We celebrated Cadence's baptism today.
It was a glorious day! My tomboy twirled around in her glittery, white tulle dress and bejeweled sandals. She eased into the waters of baptism beside her aunt confident and assured of the decision she had made. She sat still and quiet as she listened to June pray words of confirmation.
I've thought a lot about you in the past few months. I've stopped sitting in "our row" at church. I felt your absence too acutely sitting alone after you died, so I have new "pew buddies" on Sundays.

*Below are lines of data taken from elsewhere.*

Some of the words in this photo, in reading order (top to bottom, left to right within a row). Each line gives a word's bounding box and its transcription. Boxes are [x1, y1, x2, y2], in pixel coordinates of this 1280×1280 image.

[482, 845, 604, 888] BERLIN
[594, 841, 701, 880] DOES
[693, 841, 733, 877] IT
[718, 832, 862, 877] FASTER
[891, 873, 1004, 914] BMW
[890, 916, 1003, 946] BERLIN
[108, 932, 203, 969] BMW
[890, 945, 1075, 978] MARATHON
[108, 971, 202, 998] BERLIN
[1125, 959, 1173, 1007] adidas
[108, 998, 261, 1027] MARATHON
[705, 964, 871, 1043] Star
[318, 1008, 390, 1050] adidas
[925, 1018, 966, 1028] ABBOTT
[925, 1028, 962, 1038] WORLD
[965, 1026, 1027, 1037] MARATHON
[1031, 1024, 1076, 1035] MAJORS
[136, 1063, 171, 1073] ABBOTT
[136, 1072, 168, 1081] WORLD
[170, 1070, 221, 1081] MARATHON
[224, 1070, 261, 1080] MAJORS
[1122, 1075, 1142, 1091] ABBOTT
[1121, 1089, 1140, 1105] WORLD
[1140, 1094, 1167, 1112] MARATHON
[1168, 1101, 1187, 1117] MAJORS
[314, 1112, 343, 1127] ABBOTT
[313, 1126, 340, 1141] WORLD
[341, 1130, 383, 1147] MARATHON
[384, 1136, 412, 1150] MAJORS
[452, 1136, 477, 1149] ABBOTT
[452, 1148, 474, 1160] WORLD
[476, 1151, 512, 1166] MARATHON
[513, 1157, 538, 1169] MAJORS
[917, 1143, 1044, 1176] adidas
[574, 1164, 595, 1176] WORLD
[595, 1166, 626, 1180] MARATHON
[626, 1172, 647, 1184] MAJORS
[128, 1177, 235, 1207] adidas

I've thought about how you used to tell me that I was strong. You repeated it again and again. I admit that at the time, I thought it was a hallmark of aging. I appreciated your faith in me then, but not like I do now. You recorded a message on my heart and mind that I could access later when I needed it.

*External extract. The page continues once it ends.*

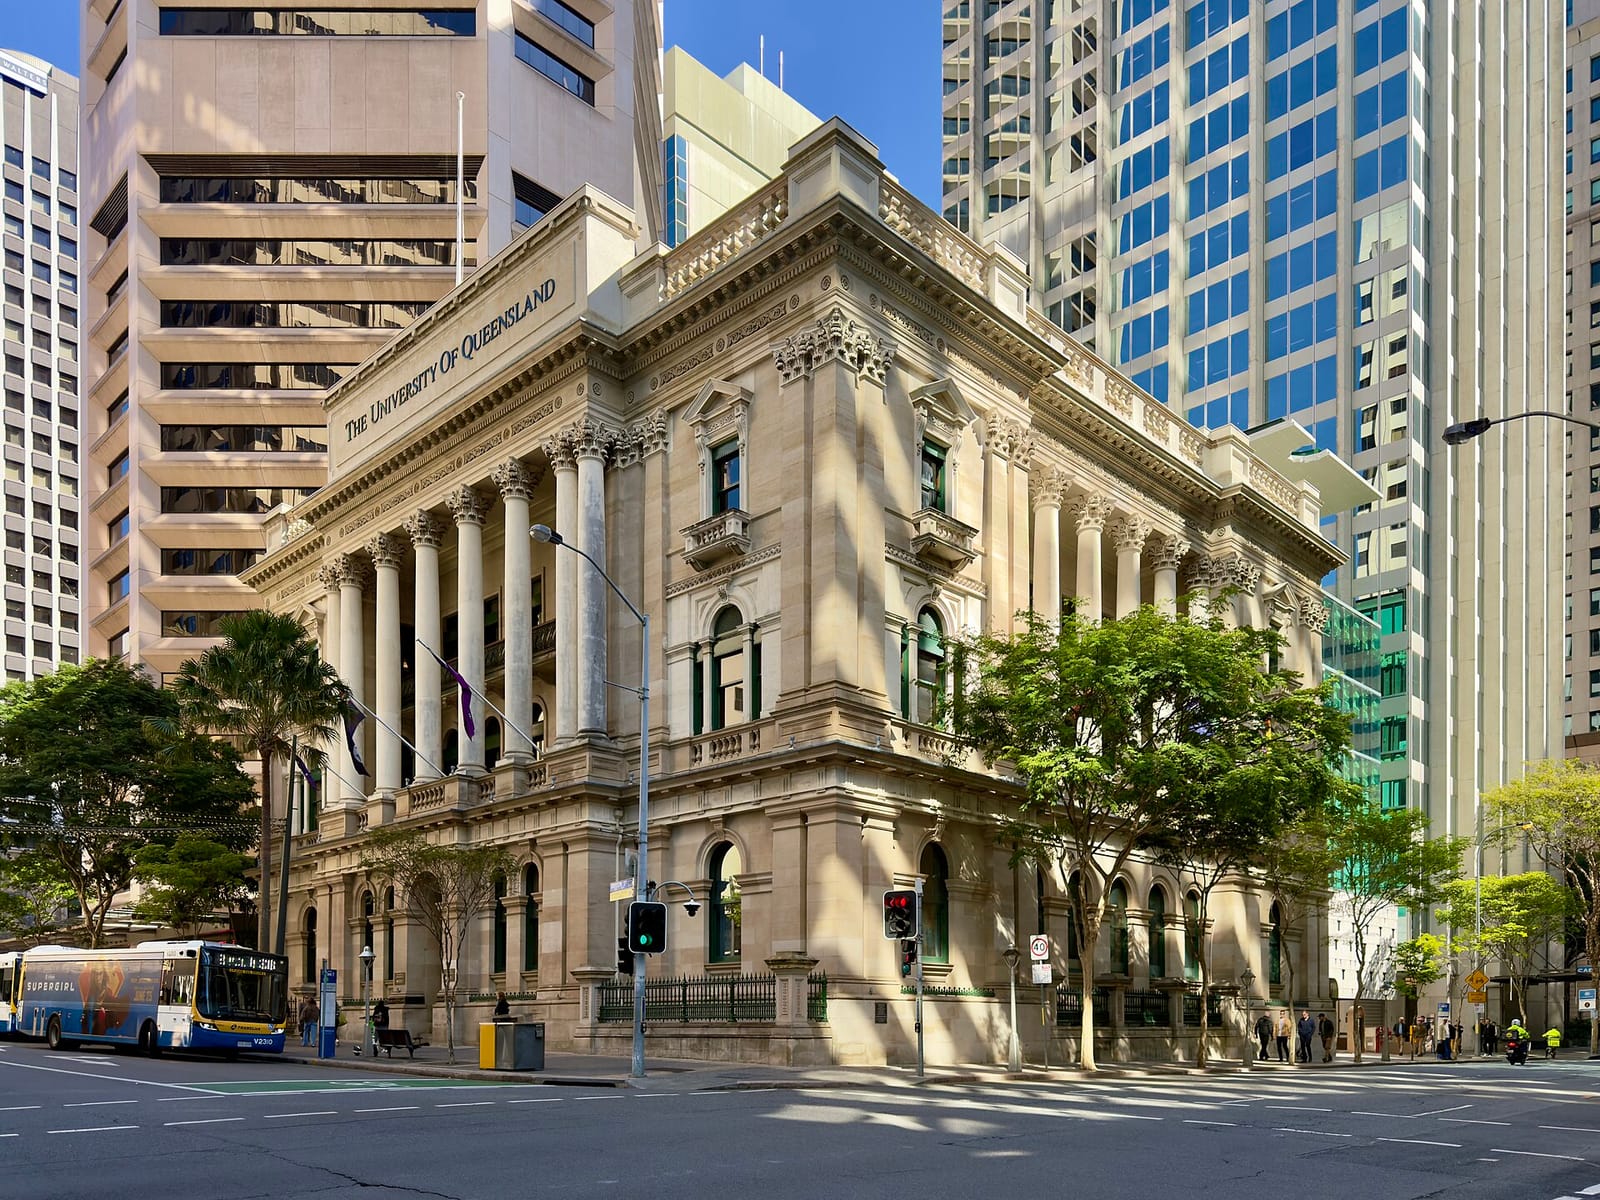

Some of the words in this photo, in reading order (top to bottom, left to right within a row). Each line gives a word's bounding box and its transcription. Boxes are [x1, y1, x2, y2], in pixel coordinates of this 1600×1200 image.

My, have I needed those words in the past year. I have summoned strength I didn't know I had, and then remembered your words. I have thought about where I am today, what it has taken for me to get here, and how much I wish you were here to witness it.
Cadence's special church buddy, Barb, presented a gift to her and said it was from Lois. I didn't catch the entire conversation, so I was a little behind. Cadence tore the yellow tissue paper away and held in her hands a ceramic dish with a lid. She lifted the lid and inside there was a note that read, "I am so proud of you. Love, Lois."

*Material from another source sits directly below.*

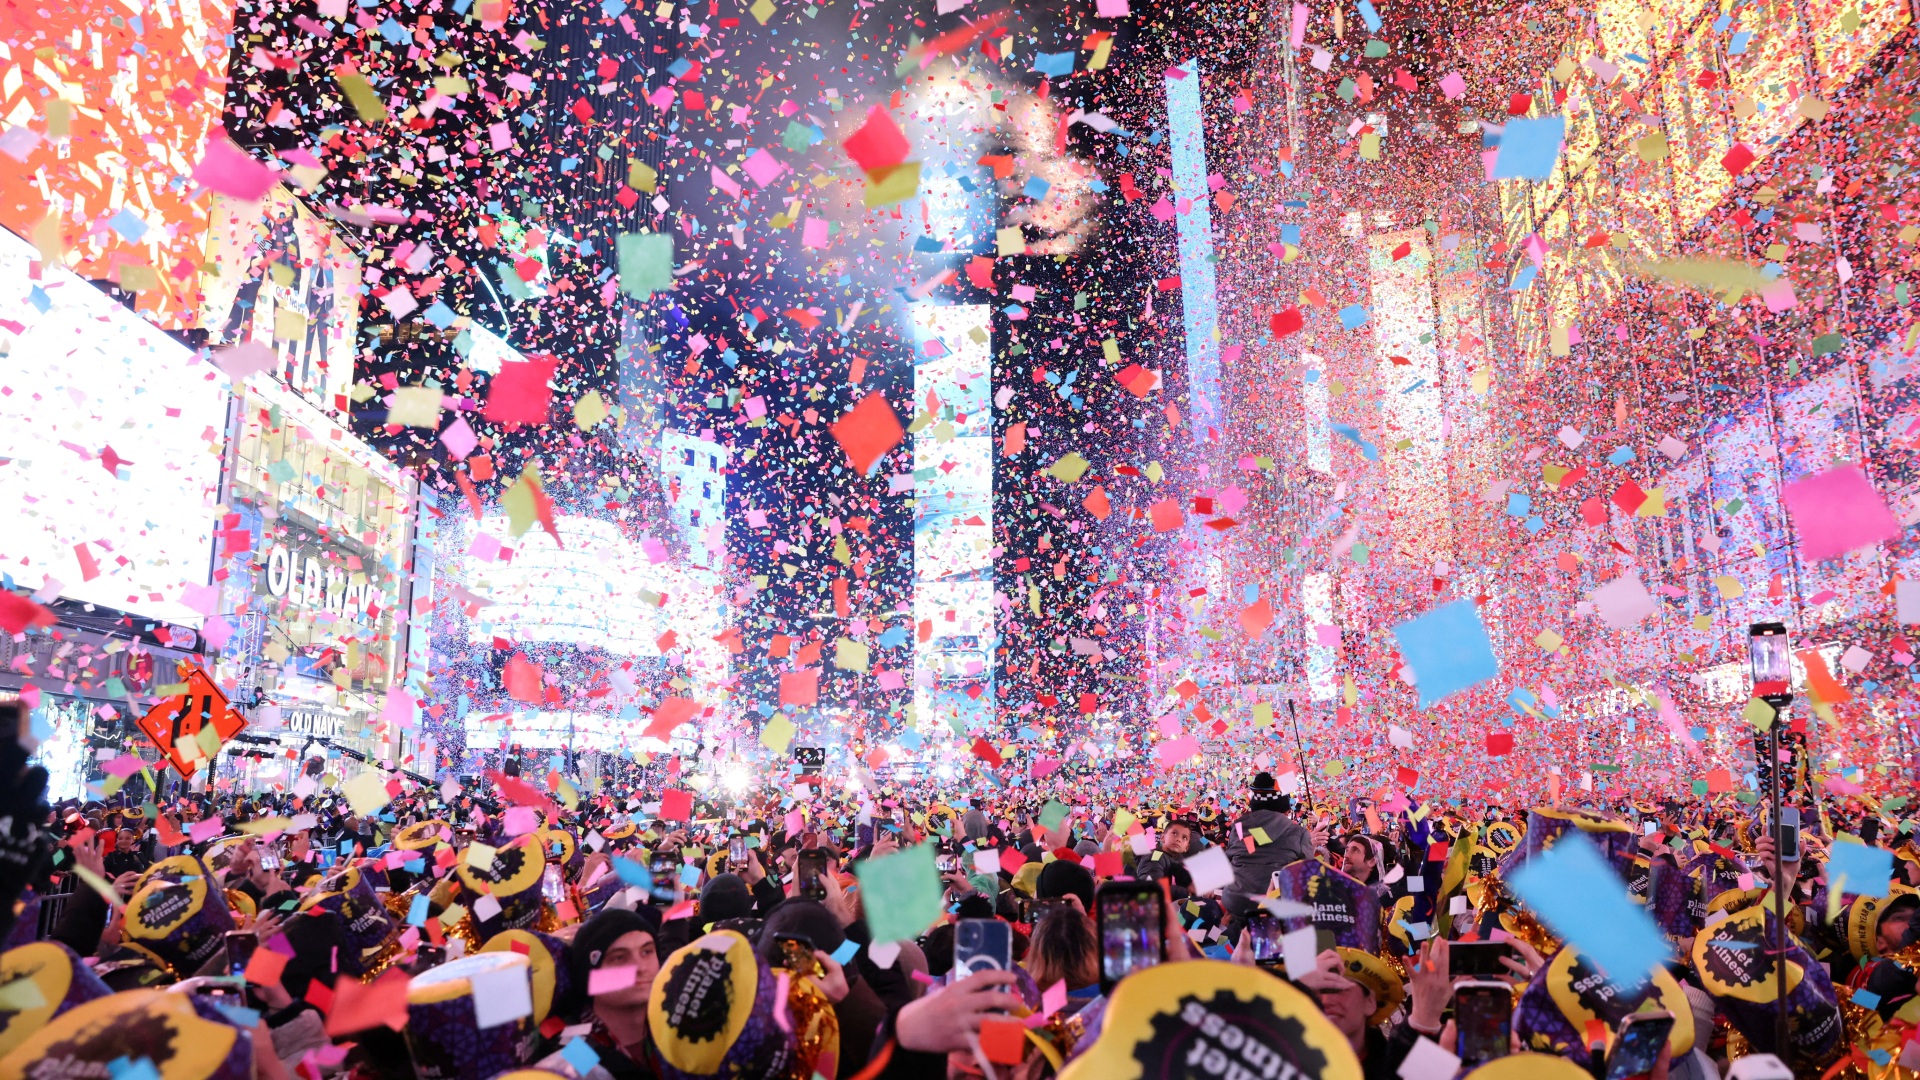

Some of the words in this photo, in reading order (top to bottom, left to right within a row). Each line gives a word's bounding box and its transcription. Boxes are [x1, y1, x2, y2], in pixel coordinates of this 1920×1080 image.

Lois, this gift undid me. Cadence loved it, but I took it in like nourishment. To think that you had thought of this day long before it came and that you wouldn't be here to see it. Thank you for planning ahead.
I wept and wept, and my friends held me and cried with me. Through this gift you reminded me that loved ones aren't really as far away as it feels when death separates us. I cried as I felt your love in a way I haven't felt since we used to sit and sing harmony together, and tremble with stifled church giggles all those years ago. I knew you loved us then, but oh gosh, that little porcelain dish and note made the love come rushing back.
I think about how much Cadence, the nine-year-old, would delight you. She is wicked funny, whip smart, and has a huge, compassionate heart. She loves life and people. She loves her friends and family with a fierceness that sometimes takes away my breath. She loves Cardinals baseball, playing softball and applying makeup.
Thank you for loving her before you even knew her. And for loving me as I mothered her.
There are no words for how thankful I am for your friendship then and your gift today. Your thoughtfulness made my day.
I love you more than words can express.